Records Block Start

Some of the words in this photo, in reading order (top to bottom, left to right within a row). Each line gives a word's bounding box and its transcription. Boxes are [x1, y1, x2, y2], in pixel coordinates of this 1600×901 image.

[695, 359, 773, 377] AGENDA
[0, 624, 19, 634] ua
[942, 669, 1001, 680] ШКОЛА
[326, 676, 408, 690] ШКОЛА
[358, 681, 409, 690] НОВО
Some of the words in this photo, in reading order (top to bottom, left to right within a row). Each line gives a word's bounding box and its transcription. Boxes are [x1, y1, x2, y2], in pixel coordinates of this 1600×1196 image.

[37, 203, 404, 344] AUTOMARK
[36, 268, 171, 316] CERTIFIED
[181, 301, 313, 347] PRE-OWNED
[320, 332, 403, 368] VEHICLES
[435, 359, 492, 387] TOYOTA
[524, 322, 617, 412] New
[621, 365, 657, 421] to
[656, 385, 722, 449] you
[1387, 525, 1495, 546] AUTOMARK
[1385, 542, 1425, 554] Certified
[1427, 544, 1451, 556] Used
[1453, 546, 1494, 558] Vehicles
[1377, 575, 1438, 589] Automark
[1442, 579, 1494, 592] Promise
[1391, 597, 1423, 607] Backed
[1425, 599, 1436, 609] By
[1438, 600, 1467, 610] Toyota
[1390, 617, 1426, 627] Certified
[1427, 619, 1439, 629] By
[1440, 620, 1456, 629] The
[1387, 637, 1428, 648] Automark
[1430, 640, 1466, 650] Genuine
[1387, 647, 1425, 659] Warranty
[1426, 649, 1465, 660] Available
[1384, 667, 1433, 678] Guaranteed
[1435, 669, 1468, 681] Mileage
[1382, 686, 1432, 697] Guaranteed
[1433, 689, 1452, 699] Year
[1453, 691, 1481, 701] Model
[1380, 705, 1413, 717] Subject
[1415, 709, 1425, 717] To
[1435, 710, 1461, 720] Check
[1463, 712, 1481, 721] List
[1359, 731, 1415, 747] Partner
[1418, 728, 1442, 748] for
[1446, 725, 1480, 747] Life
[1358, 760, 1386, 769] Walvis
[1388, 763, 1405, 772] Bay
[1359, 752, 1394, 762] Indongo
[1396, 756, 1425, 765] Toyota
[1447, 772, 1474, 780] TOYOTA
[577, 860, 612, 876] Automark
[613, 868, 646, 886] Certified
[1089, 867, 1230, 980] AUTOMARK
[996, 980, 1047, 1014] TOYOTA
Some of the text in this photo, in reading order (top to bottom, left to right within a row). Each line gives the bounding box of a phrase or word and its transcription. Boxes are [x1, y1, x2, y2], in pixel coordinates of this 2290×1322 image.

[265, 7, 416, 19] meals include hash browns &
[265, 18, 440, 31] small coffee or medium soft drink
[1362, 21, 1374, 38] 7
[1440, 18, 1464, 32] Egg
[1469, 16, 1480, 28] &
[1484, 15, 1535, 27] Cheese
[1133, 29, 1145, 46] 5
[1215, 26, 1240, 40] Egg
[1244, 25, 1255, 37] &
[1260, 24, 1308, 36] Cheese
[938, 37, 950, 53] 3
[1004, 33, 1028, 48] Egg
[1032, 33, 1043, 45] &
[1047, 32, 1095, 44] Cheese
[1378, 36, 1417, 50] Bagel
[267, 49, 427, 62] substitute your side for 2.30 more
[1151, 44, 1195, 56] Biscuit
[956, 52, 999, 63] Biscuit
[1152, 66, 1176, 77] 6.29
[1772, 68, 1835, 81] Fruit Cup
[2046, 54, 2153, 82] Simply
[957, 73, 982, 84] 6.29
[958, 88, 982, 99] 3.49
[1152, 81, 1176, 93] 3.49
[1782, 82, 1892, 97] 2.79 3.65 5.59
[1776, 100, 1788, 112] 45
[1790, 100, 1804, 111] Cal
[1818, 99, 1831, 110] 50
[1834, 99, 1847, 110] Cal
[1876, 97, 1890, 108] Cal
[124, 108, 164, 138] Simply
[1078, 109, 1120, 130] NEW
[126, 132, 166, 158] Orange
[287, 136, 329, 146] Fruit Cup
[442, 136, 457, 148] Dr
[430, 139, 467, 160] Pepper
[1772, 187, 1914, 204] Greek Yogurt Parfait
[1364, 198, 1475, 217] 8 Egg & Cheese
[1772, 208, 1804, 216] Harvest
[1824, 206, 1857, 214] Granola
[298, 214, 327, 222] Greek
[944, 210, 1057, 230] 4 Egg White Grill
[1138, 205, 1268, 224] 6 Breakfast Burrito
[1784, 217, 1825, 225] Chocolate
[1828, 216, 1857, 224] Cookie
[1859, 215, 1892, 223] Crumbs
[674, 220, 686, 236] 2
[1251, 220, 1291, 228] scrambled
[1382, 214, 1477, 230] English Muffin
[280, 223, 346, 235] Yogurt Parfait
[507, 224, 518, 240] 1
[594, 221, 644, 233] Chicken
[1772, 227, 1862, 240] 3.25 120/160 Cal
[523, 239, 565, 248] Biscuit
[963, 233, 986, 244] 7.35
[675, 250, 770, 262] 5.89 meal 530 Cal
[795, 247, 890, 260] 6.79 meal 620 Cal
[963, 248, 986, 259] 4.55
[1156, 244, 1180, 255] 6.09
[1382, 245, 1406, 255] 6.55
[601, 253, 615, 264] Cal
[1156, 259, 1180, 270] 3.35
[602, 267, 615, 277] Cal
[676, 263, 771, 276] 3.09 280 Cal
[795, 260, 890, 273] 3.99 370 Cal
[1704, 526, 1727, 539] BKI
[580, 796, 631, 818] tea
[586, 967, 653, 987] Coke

Records Block End

Problem to work on – When copying the data above, keep every line exactly as written.

Worked solution –
Some of the words in this photo, in reading order (top to bottom, left to right within a row). Each line gives a word's bounding box and its transcription. Boxes are [x1, y1, x2, y2], in pixel coordinates of this 1600×901 image.

[695, 359, 773, 377] AGENDA
[0, 624, 19, 634] ua
[942, 669, 1001, 680] ШКОЛА
[326, 676, 408, 690] ШКОЛА
[358, 681, 409, 690] НОВО
Some of the words in this photo, in reading order (top to bottom, left to right within a row). Each line gives a word's bounding box and its transcription. Boxes are [x1, y1, x2, y2], in pixel coordinates of this 1600×1196 image.

[37, 203, 404, 344] AUTOMARK
[36, 268, 171, 316] CERTIFIED
[181, 301, 313, 347] PRE-OWNED
[320, 332, 403, 368] VEHICLES
[435, 359, 492, 387] TOYOTA
[524, 322, 617, 412] New
[621, 365, 657, 421] to
[656, 385, 722, 449] you
[1387, 525, 1495, 546] AUTOMARK
[1385, 542, 1425, 554] Certified
[1427, 544, 1451, 556] Used
[1453, 546, 1494, 558] Vehicles
[1377, 575, 1438, 589] Automark
[1442, 579, 1494, 592] Promise
[1391, 597, 1423, 607] Backed
[1425, 599, 1436, 609] By
[1438, 600, 1467, 610] Toyota
[1390, 617, 1426, 627] Certified
[1427, 619, 1439, 629] By
[1440, 620, 1456, 629] The
[1387, 637, 1428, 648] Automark
[1430, 640, 1466, 650] Genuine
[1387, 647, 1425, 659] Warranty
[1426, 649, 1465, 660] Available
[1384, 667, 1433, 678] Guaranteed
[1435, 669, 1468, 681] Mileage
[1382, 686, 1432, 697] Guaranteed
[1433, 689, 1452, 699] Year
[1453, 691, 1481, 701] Model
[1380, 705, 1413, 717] Subject
[1415, 709, 1425, 717] To
[1435, 710, 1461, 720] Check
[1463, 712, 1481, 721] List
[1359, 731, 1415, 747] Partner
[1418, 728, 1442, 748] for
[1446, 725, 1480, 747] Life
[1358, 760, 1386, 769] Walvis
[1388, 763, 1405, 772] Bay
[1359, 752, 1394, 762] Indongo
[1396, 756, 1425, 765] Toyota
[1447, 772, 1474, 780] TOYOTA
[577, 860, 612, 876] Automark
[613, 868, 646, 886] Certified
[1089, 867, 1230, 980] AUTOMARK
[996, 980, 1047, 1014] TOYOTA
Some of the text in this photo, in reading order (top to bottom, left to right within a row). Each line gives the bounding box of a phrase or word and its transcription. Boxes are [x1, y1, x2, y2], in pixel coordinates of this 2290×1322 image.

[265, 7, 416, 19] meals include hash browns &
[265, 18, 440, 31] small coffee or medium soft drink
[1362, 21, 1374, 38] 7
[1440, 18, 1464, 32] Egg
[1469, 16, 1480, 28] &
[1484, 15, 1535, 27] Cheese
[1133, 29, 1145, 46] 5
[1215, 26, 1240, 40] Egg
[1244, 25, 1255, 37] &
[1260, 24, 1308, 36] Cheese
[938, 37, 950, 53] 3
[1004, 33, 1028, 48] Egg
[1032, 33, 1043, 45] &
[1047, 32, 1095, 44] Cheese
[1378, 36, 1417, 50] Bagel
[267, 49, 427, 62] substitute your side for 2.30 more
[1151, 44, 1195, 56] Biscuit
[956, 52, 999, 63] Biscuit
[1152, 66, 1176, 77] 6.29
[1772, 68, 1835, 81] Fruit Cup
[2046, 54, 2153, 82] Simply
[957, 73, 982, 84] 6.29
[958, 88, 982, 99] 3.49
[1152, 81, 1176, 93] 3.49
[1782, 82, 1892, 97] 2.79 3.65 5.59
[1776, 100, 1788, 112] 45
[1790, 100, 1804, 111] Cal
[1818, 99, 1831, 110] 50
[1834, 99, 1847, 110] Cal
[1876, 97, 1890, 108] Cal
[124, 108, 164, 138] Simply
[1078, 109, 1120, 130] NEW
[126, 132, 166, 158] Orange
[287, 136, 329, 146] Fruit Cup
[442, 136, 457, 148] Dr
[430, 139, 467, 160] Pepper
[1772, 187, 1914, 204] Greek Yogurt Parfait
[1364, 198, 1475, 217] 8 Egg & Cheese
[1772, 208, 1804, 216] Harvest
[1824, 206, 1857, 214] Granola
[298, 214, 327, 222] Greek
[944, 210, 1057, 230] 4 Egg White Grill
[1138, 205, 1268, 224] 6 Breakfast Burrito
[1784, 217, 1825, 225] Chocolate
[1828, 216, 1857, 224] Cookie
[1859, 215, 1892, 223] Crumbs
[674, 220, 686, 236] 2
[1251, 220, 1291, 228] scrambled
[1382, 214, 1477, 230] English Muffin
[280, 223, 346, 235] Yogurt Parfait
[507, 224, 518, 240] 1
[594, 221, 644, 233] Chicken
[1772, 227, 1862, 240] 3.25 120/160 Cal
[523, 239, 565, 248] Biscuit
[963, 233, 986, 244] 7.35
[675, 250, 770, 262] 5.89 meal 530 Cal
[795, 247, 890, 260] 6.79 meal 620 Cal
[963, 248, 986, 259] 4.55
[1156, 244, 1180, 255] 6.09
[1382, 245, 1406, 255] 6.55
[601, 253, 615, 264] Cal
[1156, 259, 1180, 270] 3.35
[602, 267, 615, 277] Cal
[676, 263, 771, 276] 3.09 280 Cal
[795, 260, 890, 273] 3.99 370 Cal
[1704, 526, 1727, 539] BKI
[580, 796, 631, 818] tea
[586, 967, 653, 987] Coke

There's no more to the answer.